Corporations Hiding Dirty Secrets Behind Free Speech Claims May Soon Have To Admit Bloody Hands

Human Rights

A series of conflicting rulings by one of the nation’s most right-wing federal courts is raising the unexpected possibility that a U.S. corporation with “blood on its hands” will not be able to keep hiding that fact from American consumers.


The venue is the U.S. Court of Appeals in Washington, D.C., which in recent years has some of the most pro-corporate, anti-public interest rulings in America. It struck down new labeling on cigarette boxes, saying using images was too graphic and impinged on corporate speech rights. It struck down a new labor regulation allowing “know your rights” posters in in employee break rooms.

Last April, a three-judge panel on the court struck down a new Securities and Exchange Commission rule requiring any publicly traded company to certify their products are “conflict-free” and disclose the source of the raw materials—such as mineral mines in Africa’s war-torn Congo.  

“By compelling an issuer to confess blood on its hands, the statute interferes with that exercise of the freedom of speech under the First Amendment,” it wrote, concluding that Congress couldn’t require this disclosure without violating commercial speech rights.

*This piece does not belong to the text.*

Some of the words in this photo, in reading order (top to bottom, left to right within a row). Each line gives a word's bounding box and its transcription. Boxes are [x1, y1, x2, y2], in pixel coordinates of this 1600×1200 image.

That ruling was considered another right-wing victory until July, when another ruling came from the D.C. Circuit Court, this time from a review by all of its sitting judges—which is a higher-ranking decision than by a three-judge panel. That ruling surprisingly upheld a new law requiring labels on fresh meat to say what country the meat is from. At the heart of it was a legal argument saying that the First Amendment could not be endlessly used by corporations to keep the public in the dark.  

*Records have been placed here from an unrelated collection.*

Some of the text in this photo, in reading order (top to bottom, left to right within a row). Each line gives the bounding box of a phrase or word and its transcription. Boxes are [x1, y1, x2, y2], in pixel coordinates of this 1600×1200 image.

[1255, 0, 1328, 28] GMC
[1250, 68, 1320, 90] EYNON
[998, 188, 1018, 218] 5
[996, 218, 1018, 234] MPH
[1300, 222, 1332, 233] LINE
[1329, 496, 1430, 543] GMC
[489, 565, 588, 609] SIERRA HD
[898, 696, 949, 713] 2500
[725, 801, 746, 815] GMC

Surprisingly, the D.C. Circuit has agreed to rehear the First Amendment arguments in the conflict minerals case.

“What we saw from the D.C. Circuit during the summer was a bit of putting the brakes on a disturbing trend which expanded the use of the First Amendment to stop disclosure laws,” said Ronald Fein, an attorney with Free Speech for People who jointly filed a legal brief with Global Witness, an international social justice group, to spur the D.C. Circuit Court to reconsider the conflict minerals ruling.

The heart of this case concerns whether unethical corporate behaviors can be kept from the public and consumers, Fein said.

“This is information that corporations have asymetrical access to,” he said. “They have a much greater ability to find out if their mines in the Congo are controlled by warlords than do the public and their investors. This is information that only they can provide. The real implication of their claims is they don’t want the public to have this information.”

“Industry groups persist in an aggressive campaign against this law, misrepresenting it as a 'scarlet letter' which allegedly breaches corporations’ rights under the First Amendment of the U.S. Constitution," said Global Witness' Carly Oboth. "But the industry’s argument would threaten many well-established transparency laws that help ensure markets operate fairly and efficiently, such as requiring companies to warn consumers about safety or health hazards of individual products, such as cars or tobacco."

"The case comes down to whether corporations will succeed in convincing the court that they are people whose free speech rights are being violated," she said. "If they succeed, let’s be very clear about the consequences: this posture would undermine a law designed to alleviate the very real suffering of actual people living in central Africa.”